Once or twice a week I work part time at the Oriental Library (東洋文庫), mostly doing English editing and occasional small bits of translation from Chinese or Japanese. I spend most of my time helping edit a collection of previously published English essays by the author Etô Shinkichi, who was my own Professor Hirano’s mentor. In one of his essays I was working on today, on the Chinese revolution of 1911, Professor Etô discusses the historiography related to the period and contrasts the “modern detached positivists” who “try to minimize overt political assessment in their research” to the deeply political Marxist historiography of the revolution after 1949.
To give an example of this he looks at how the anniversary of the revolution has been marked in Communist China . The 40th anniversary, in 1951 the anniversary was totally ignored, “because of the Korean War and the strict wartime policies of the Chinese Communist Party.” The 50th anniversary in 1961 came during a time of “moderation following the failure of the Great Leap Forward in 1958, and the anniversary was celebrated in Beijing as well as in the other major cities of China.” The 60th anniversary came during the Cultural Revolution, “when the radical left wing prevailed and hence completely ignored,” the 1911 revolution. The 70th anniversary came in 1981, and was celebrated all over China at a time when the excesses of the 1970s had given way to moderate policies and the national goal of modernization. In contrast, he notes, the event had always been celebrated in nationalist controlled Taiwan.
I really like this nice little presentation which nicely shows how the historiography of an event in Chinese history, in this case marked as an event of national celebration and accompanied by large academic conferences and the outpouring of new publications, has been subject to the political (and geopolitical) changes. Let us put aside the fact that this sort of large scale celebration is not necessary indicative of any major shifts in Marxist interpretation of the revolution (something Etô concedes in his essay). Marxist theorists are indeed very explicit about their political views and, as he claims, subject to the left and right shifts in the political scene.
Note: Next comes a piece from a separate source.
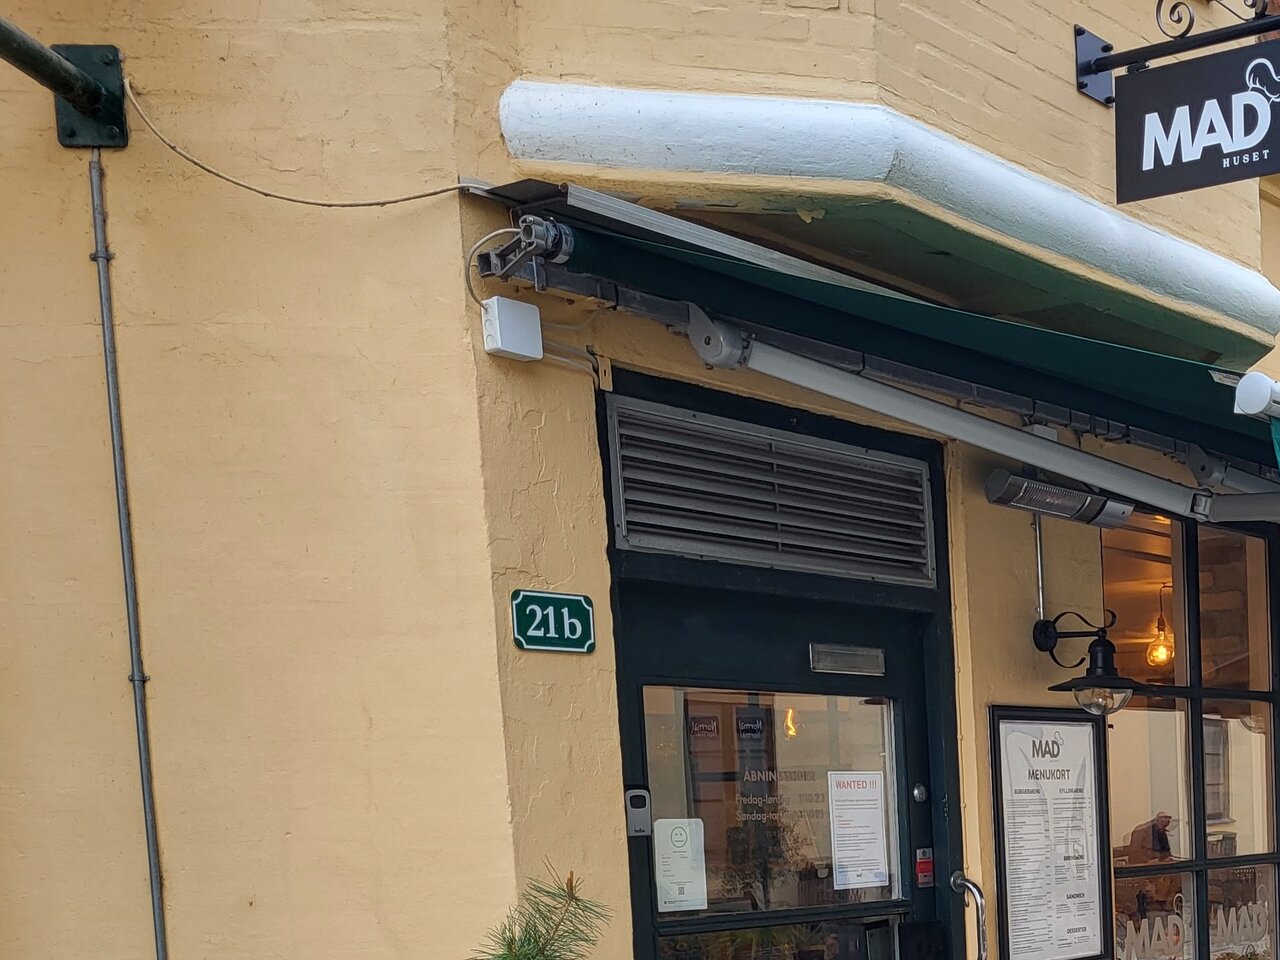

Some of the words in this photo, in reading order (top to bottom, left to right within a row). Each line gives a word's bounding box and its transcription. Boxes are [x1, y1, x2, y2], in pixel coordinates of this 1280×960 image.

It is the contrast with the “modern” and “detached” empiricist historians, who “minimize” their “overt” political assessment which I find most interesting, of course. I think he is exactly right, positivist historians do try to minimize their overt political assessment. It is the fact that their political assessments, and the shifts over time in their analyses and selection of questions to research, are not overt that we must be all the more careful when we read them.